Karbouli, an Iraqi national whom the Jordanian authorities described as leader of Al-Qaeda in the border area of Trebele, refused to appoint a lawyer, saying he had “no money”.
He instead demanded that the tribunal allow his relatives to visit him “so as to be able to get money to appoint a lawyer.”
Karbouli, 23, disputed the prosecution’s version that he was captured inside Iraq in a joint operation of the Jordanian Army and intelligence on May 10. He told the court that he was kidnapped “from Lebanon on May 6.”
Karbouli is on trial along with 13 other defendants who are still at large. They formed part of the Jihad and Tawhid Brigades, formerly led by the Jordanian-born fugitive Abu Musab Al-Zarqawi, who was killed in a US airstrike in Iraq on June 7.
Karbouli appeared on the state-run Jordan television after his abduction in May and confessed killing a Jordanian truck driver, Khalid Dosouki, last September and abducting two Moroccan diplomats who were on their way from Amman to Baghdad.
According to an indictment statement published in July, Karbouli is accused of “carrying out acts of terrorism that led to the death of a man, the possession of explosives for illegal use and belonging to an illegal group.”
The trial was adjourned until Wednesday, judicial sources said.
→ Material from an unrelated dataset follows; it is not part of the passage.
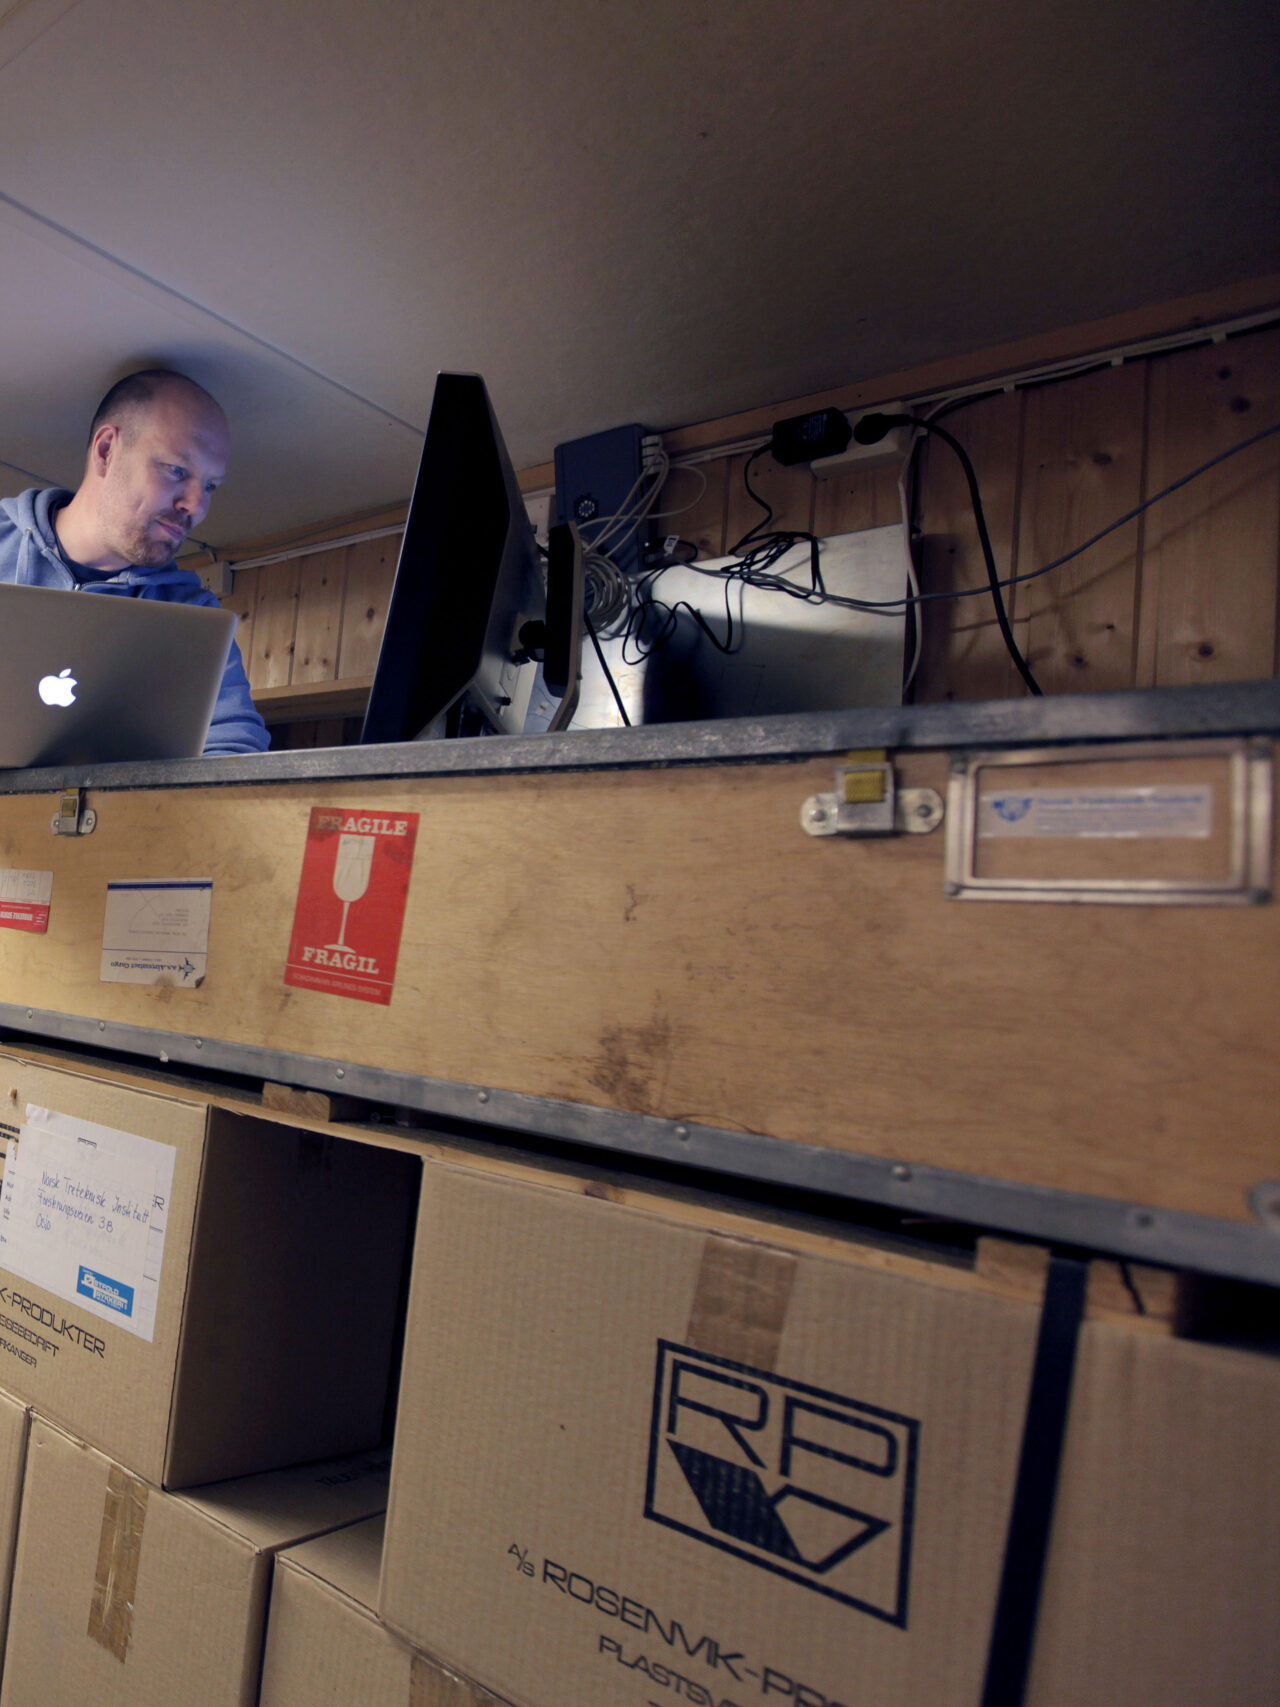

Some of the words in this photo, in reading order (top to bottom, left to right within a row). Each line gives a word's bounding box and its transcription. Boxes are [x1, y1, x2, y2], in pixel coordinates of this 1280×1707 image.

On Wednesday, four Arab suspects pleaded “not guilty” to charges of conspiring to blow up Jordan’s Queen Alia International Airport, 35 km south of Amman. Three other suspects — a Saudi national, Turki Nasser Abdullah, and two Iraqis — are also being tried in absentia for their role in the alleged plot that was due to be carried out in February. The trial was adjourned until Sept. 6.